Sector caches require inflexibility in subsector allocation in return for significant savings in tag space relative to normal caches. As was shown previously in ,[RS99a], sector caches are therefore useful in a limited number of cases, those in which the savings in tag space can be devoted to reducing the number of misses or the miss penalty (such as by adding more data space or more efficiently controlling large off-chip caches), sufficient to offset the increase in miss ratio due to the constrained mapping. Sector pool caches save even more cache space, and therefore are useful in a larger number of cases. Sector pool caches generally have the best performance for almost any specified number of bits; however, since there many more potential configurations of sector pool caches this should not be a great surprise. The best performing sector pool caches follow the performance trend of normal caches for single level on-chip caches.
Sector pool caches are most useful when used as the first level cache for two-level cache architectures. In a system that contains the first level cache and the tags for the second level cache on the same die, the versatile combination of a sector pool design as the level one cache and a regular sector cache design for level two outperforms normal or plain sector cache configurations, in many cases by large amounts. This combination is particularly useful for small onchip caches, as it allows control of a large second level cache by trading-off some of the data space of the first level cache, and using those bits for second level cache address tags.

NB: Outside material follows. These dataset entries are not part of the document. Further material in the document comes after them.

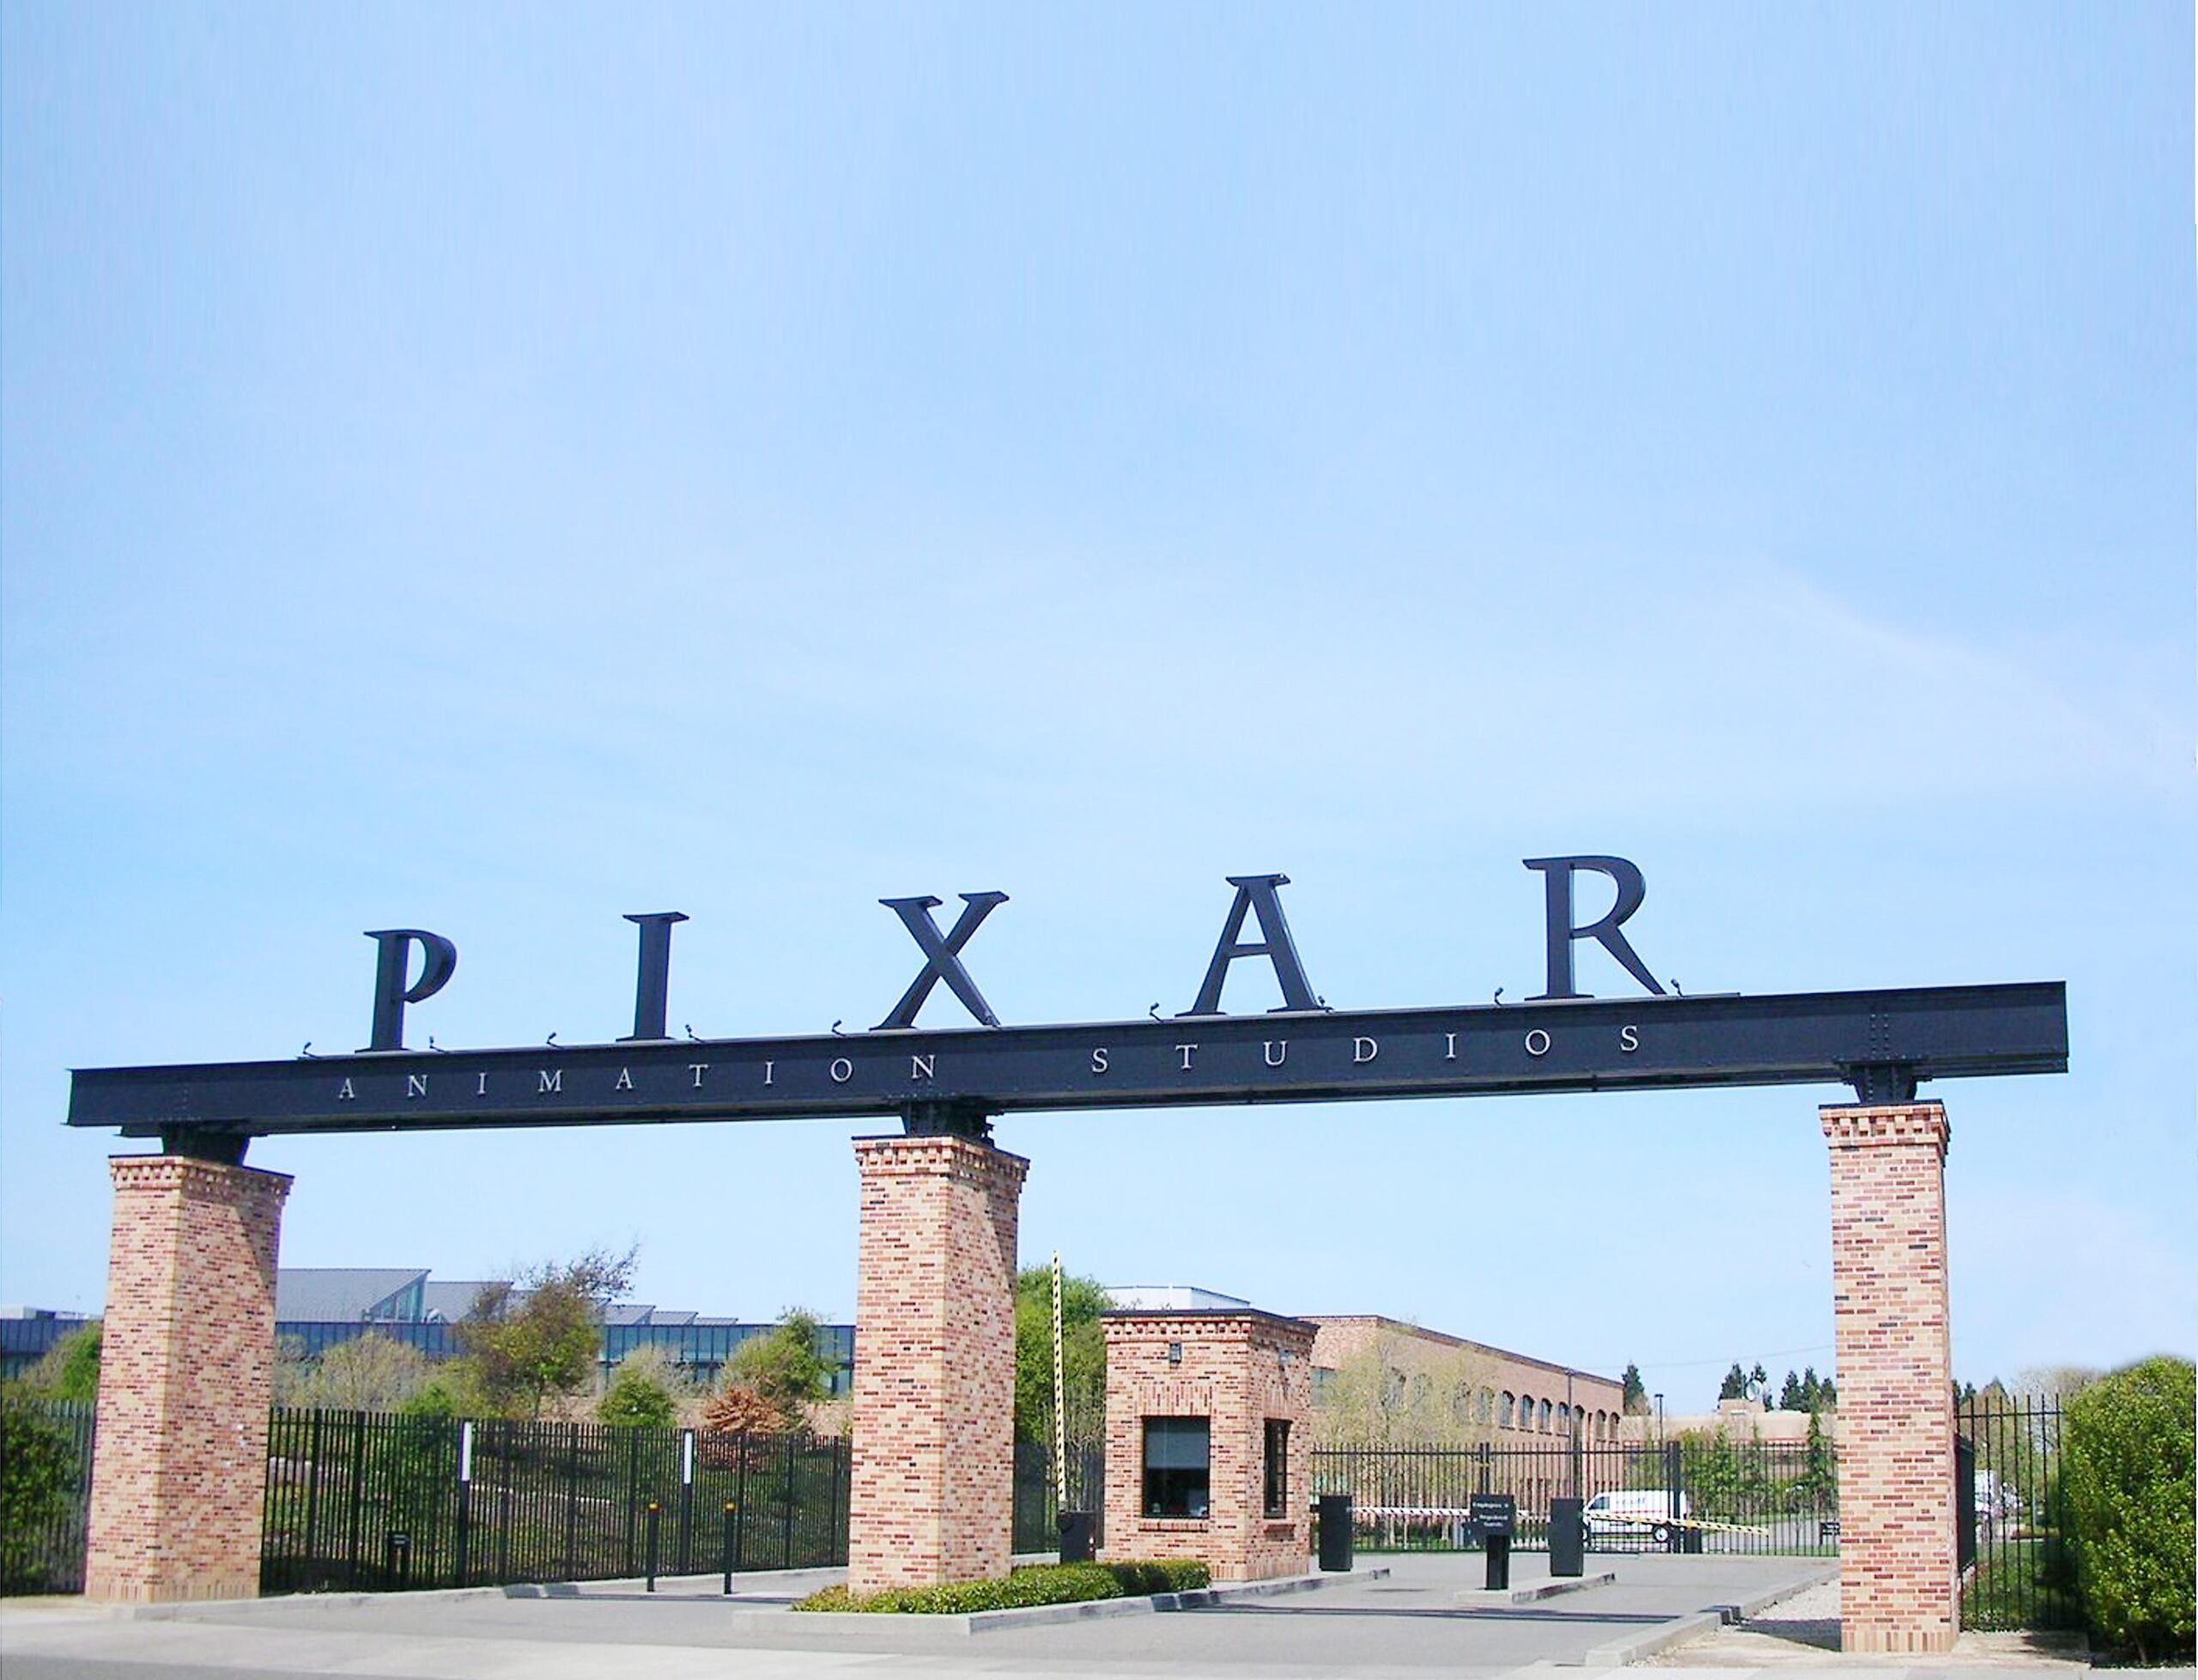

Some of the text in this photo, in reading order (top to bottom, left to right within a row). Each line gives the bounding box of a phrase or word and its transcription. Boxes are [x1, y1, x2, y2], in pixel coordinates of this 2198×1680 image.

[355, 855, 1667, 1053] PIXAR
[339, 1023, 1641, 1100] ANIMATION STUDIOS
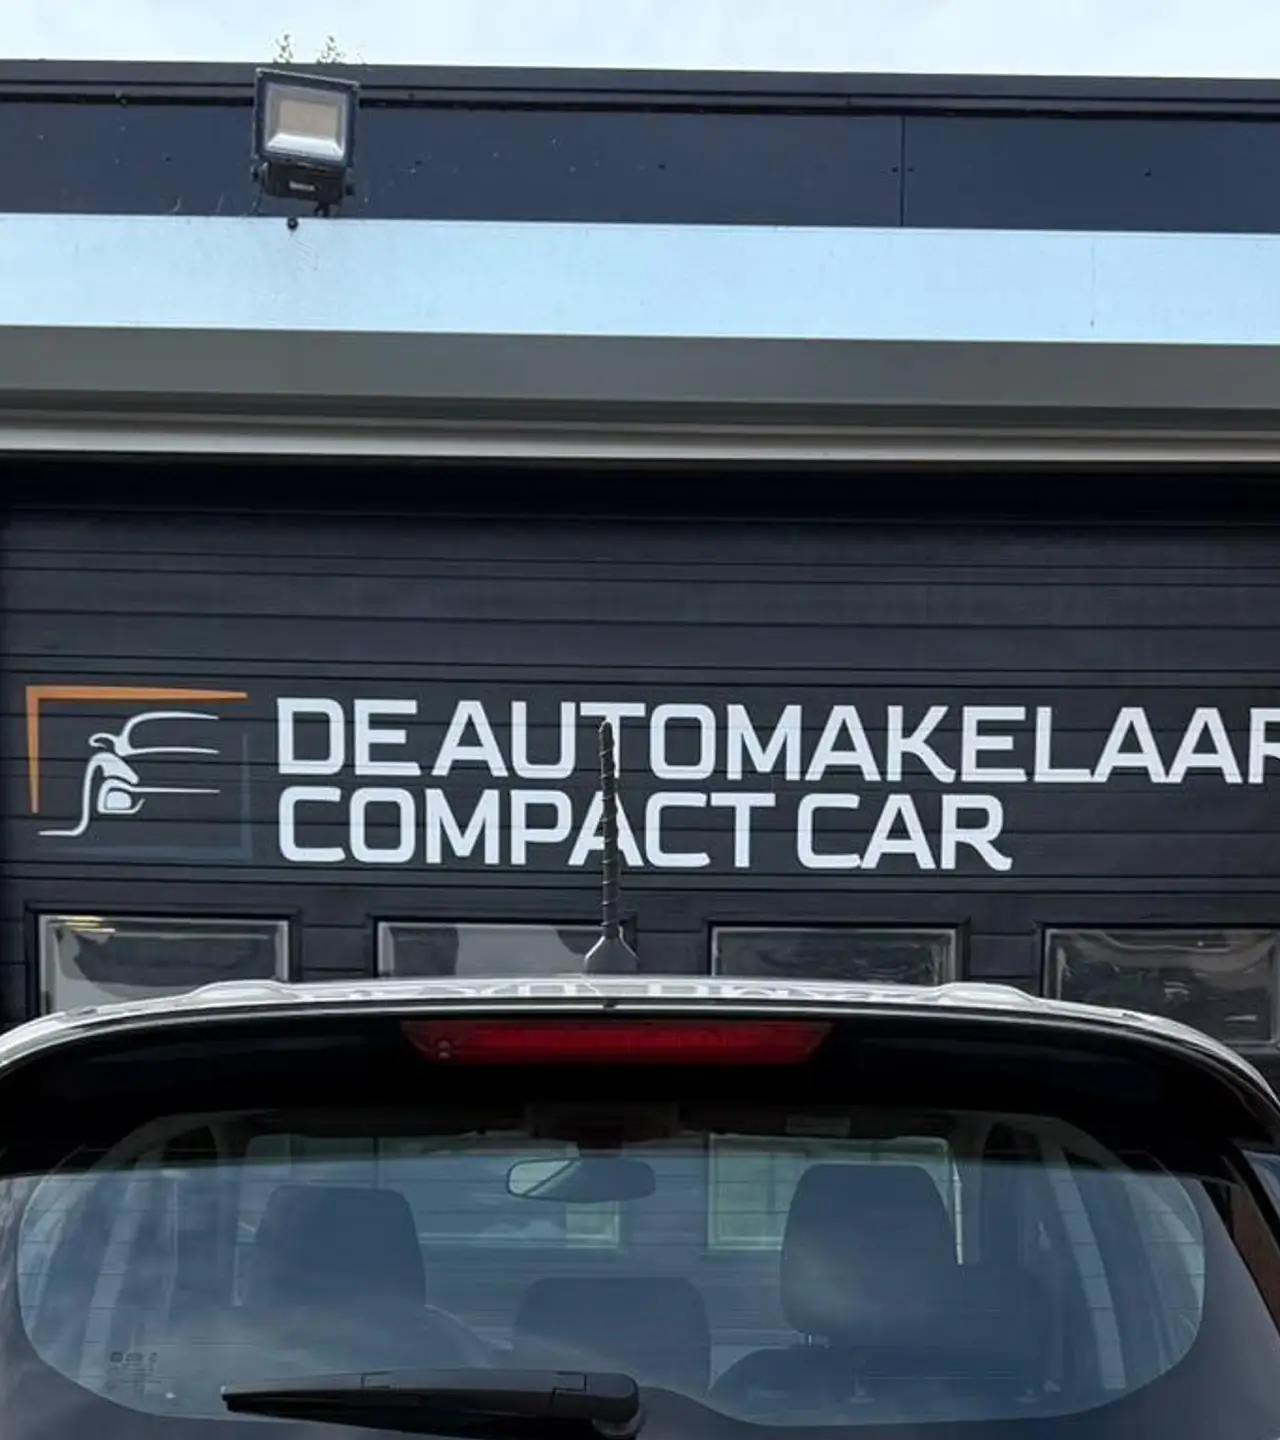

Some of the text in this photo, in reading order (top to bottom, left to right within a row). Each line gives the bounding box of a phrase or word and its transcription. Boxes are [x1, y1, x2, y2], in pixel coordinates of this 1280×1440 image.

[277, 698, 421, 777] DE
[278, 786, 1014, 872] COMPACT CAR
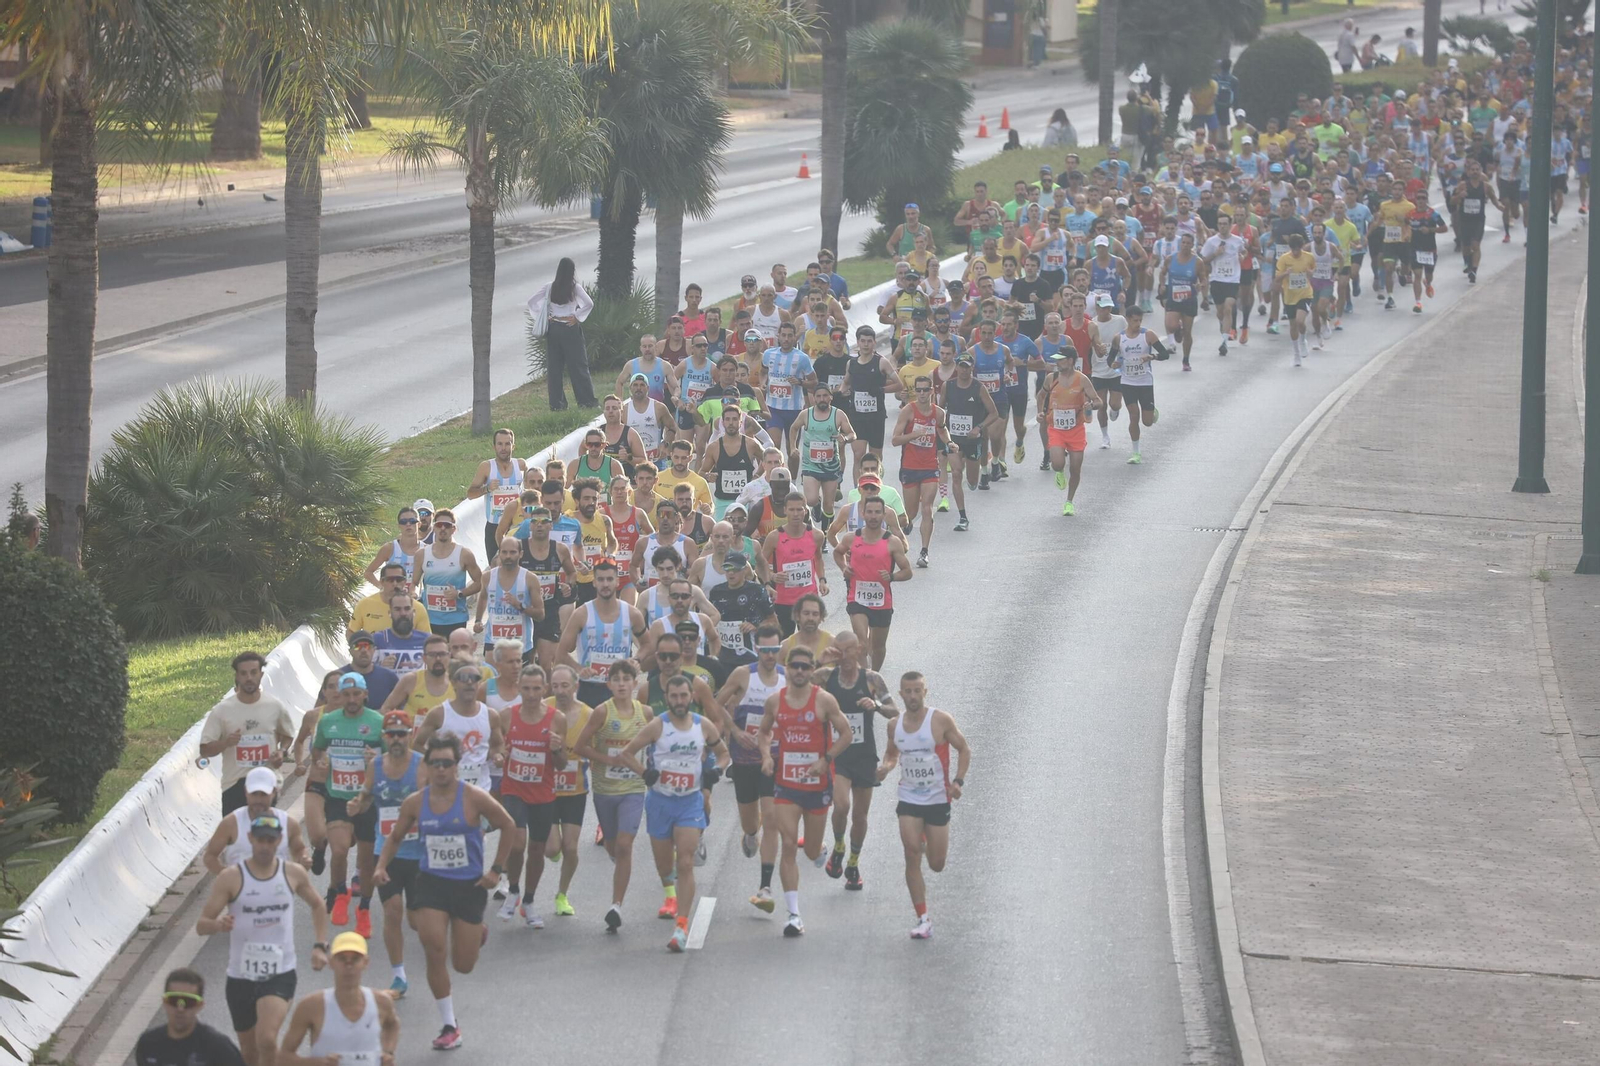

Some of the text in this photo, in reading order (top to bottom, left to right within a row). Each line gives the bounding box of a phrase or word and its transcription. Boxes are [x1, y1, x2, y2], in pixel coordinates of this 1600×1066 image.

[1126, 364, 1144, 372] 7796
[687, 373, 709, 382] nerja
[772, 387, 788, 395] 209
[951, 423, 971, 431] 6293
[1055, 418, 1075, 426] 1813
[816, 451, 827, 459] 89
[724, 480, 746, 489] 7145
[857, 590, 884, 600] 11949
[435, 598, 448, 607] 55
[498, 627, 517, 638] 174
[720, 632, 742, 643] 2046
[331, 738, 364, 747] ATLETISMO
[241, 750, 264, 761] 311
[515, 764, 538, 777] 189
[905, 767, 935, 779] 11884
[337, 774, 359, 786] 138
[666, 774, 689, 788] 213
[431, 848, 465, 861] 7666
[244, 959, 278, 975] 1131

Our test methodology used a trace-driven simulated multiprogrammed workload to strenuously evaluate the variety of cache designs. Previous research [GHPS93] has shown that many of the workloads traditionally used as benchmarks to evaluate caches tend have low and unrepresentative miss ratios that do not put much stress on the memory subsystem. Our simulated workload accesses many more unique memory locations than the bytes available in the caches under test, which results in a fairer and more realistic evaluation of the various configurations.